My advice: with such an attitude you can reasonably expect to pass the next year.

So that is your turn, Reader. Please answer me in replies:

  1. How many hours did you invested in last year’s attempt.
  2. What is the MAXIMUM number of hours you can invest in your next attempt?
  3. What is your real reading speed?
  4. Given your maximum number of hours and your reading speed – what can you accomplish, really?
  5. What I am going to change in my life in order to pass the exam?

If you weight in, I’ll post my own answers in the bottom.

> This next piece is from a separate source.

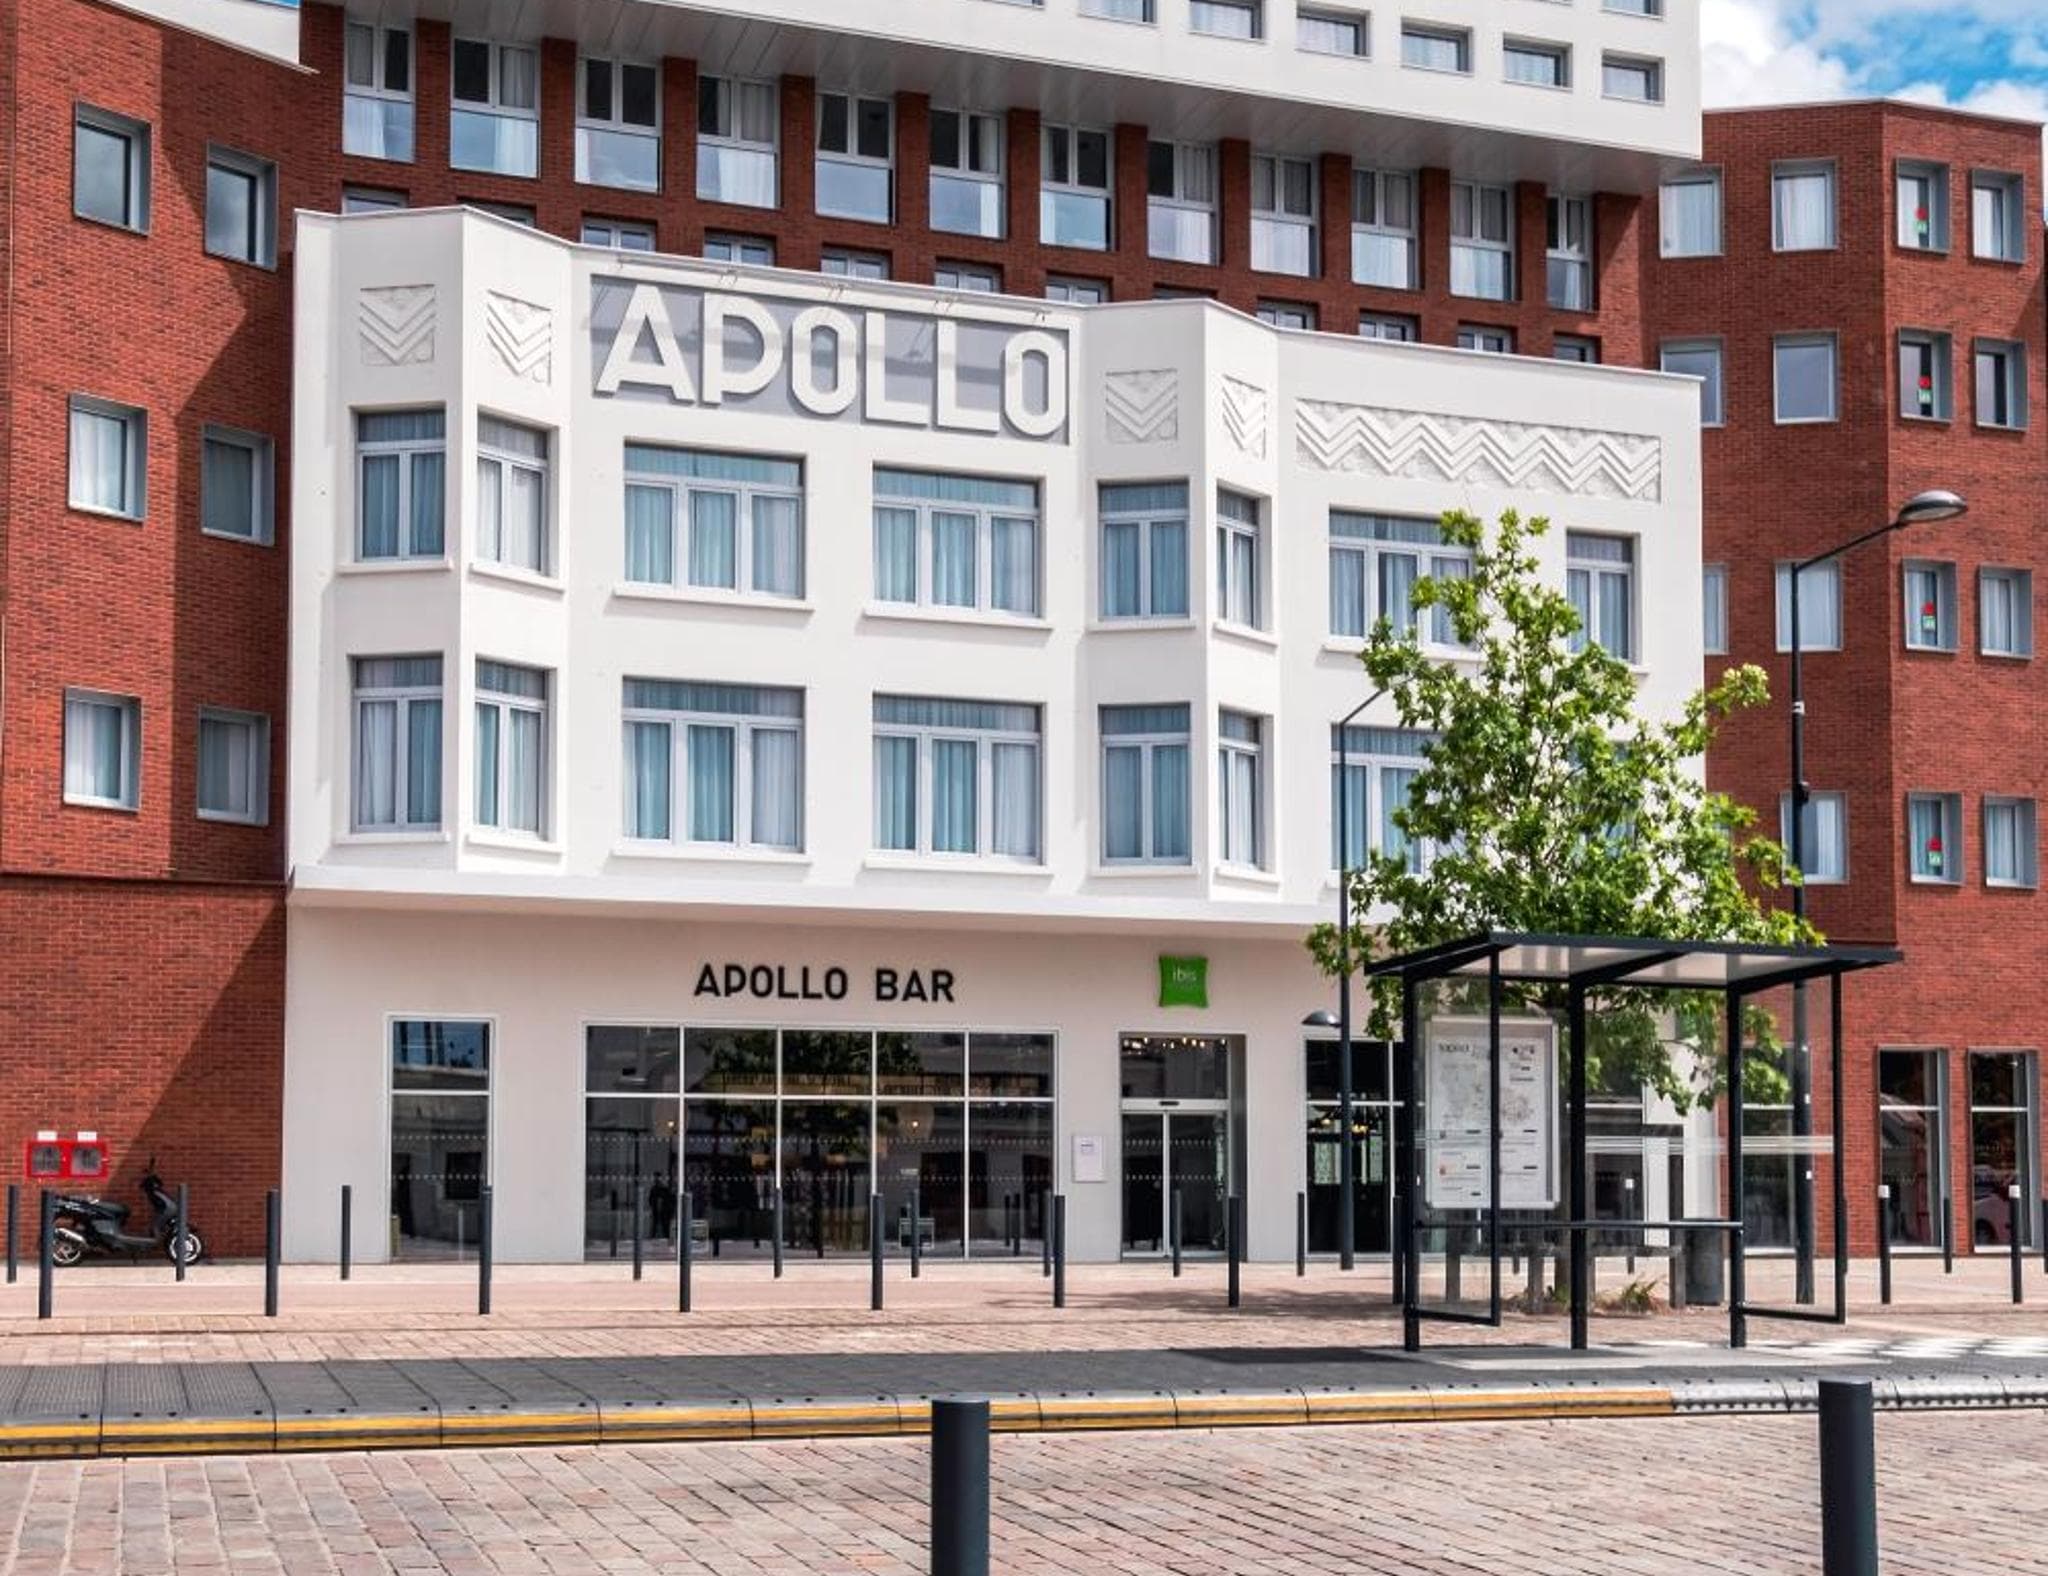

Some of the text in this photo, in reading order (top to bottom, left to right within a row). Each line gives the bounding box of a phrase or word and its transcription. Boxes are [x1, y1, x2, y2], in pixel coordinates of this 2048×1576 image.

tldr - can you summarize please

Ummmmm…No. Not reading that.

Added summary on the top

Some of the worst advice I’ve ever read.

So…if I fail, I should march into my employer’s office and inform him that I AM A LEVEL II CANDIDATE and from now on he will only get 66% as much work product from me. Yeah…I think I’ll be fired before I can quit and find a “less demanding” job. Seriously, you’re telling people to quit their demanding finance careers and take a job waiting tables so they can study full-time for the CFA? This is some ass-backward thinking.

By the way…180 hours a month is only around 45 hours a week, i.e. not that much. You’re suggesting people should only be part time employed in order to pass the exams. Part of the challenge of the exams is completing them while holding down those demanding finance jobs…after all, aren’t those jobs the goal and not just some obstacle?

Not at all!!

But my point is that there is some choice which has to be made. Candidate A has to decide what he wants more: to keep his job or to pass the exam. I wish him to pass this year, but if he fails and next year will continue the same path like in 2014 (10 hours per week), he has a proven recipe for going to the 2015 Exam underprepared.

And BEFORE Candidate A is engaged into 2015 study routine, it’s better for him to know what he could accomplish at maximum.

That could manage his expectations and help him to discuss facts, not emotions concerning the 2014 result.

That’s all.

agreed that is some pretty terrible advice

My advise is to ask yourself the 5 questions only.

If I delete that my advice to A - do you think the post will gain from it?

Its one method - I like it since it has a battle plan. Think your situation through and analyze it. Don’t agree with your suggestions, but this will help me move on and plan for next year. In any case -this kind of ground work needs to be done regardless of the level.

Agreed, I think I’ll pass on making demands after failing! Maybe just working smarter and not harder is a better idea…

Reading speed and time invested are probably relatively low predictors of L2 success.

Does anyone want to post her/his replies to the 5 questions?

It will probally take less time to go over the stuff for someone who has taken the exam before unless the previous attempt was fully unprepared.

If someone failed, the most sensible thing to do, as it seems to me, is to look into what you have done well and what you have done not so well. Are you able to improve on your weaker areas and how? Yes, you can. Tackle them and you will pass.

The common pitfall is probally you did not practice enough questions. Solving questions is more active studying. When you start to work on questions, you will find it is quite different from your reading the explanations or examples.

There are other tips in general. Studying smart is even more important than being smart for such an exam as CFA Level 2. When I have time, I will try to write something more. Even though I was over 70% in all sections, there were things I would want to do differently if I could go back.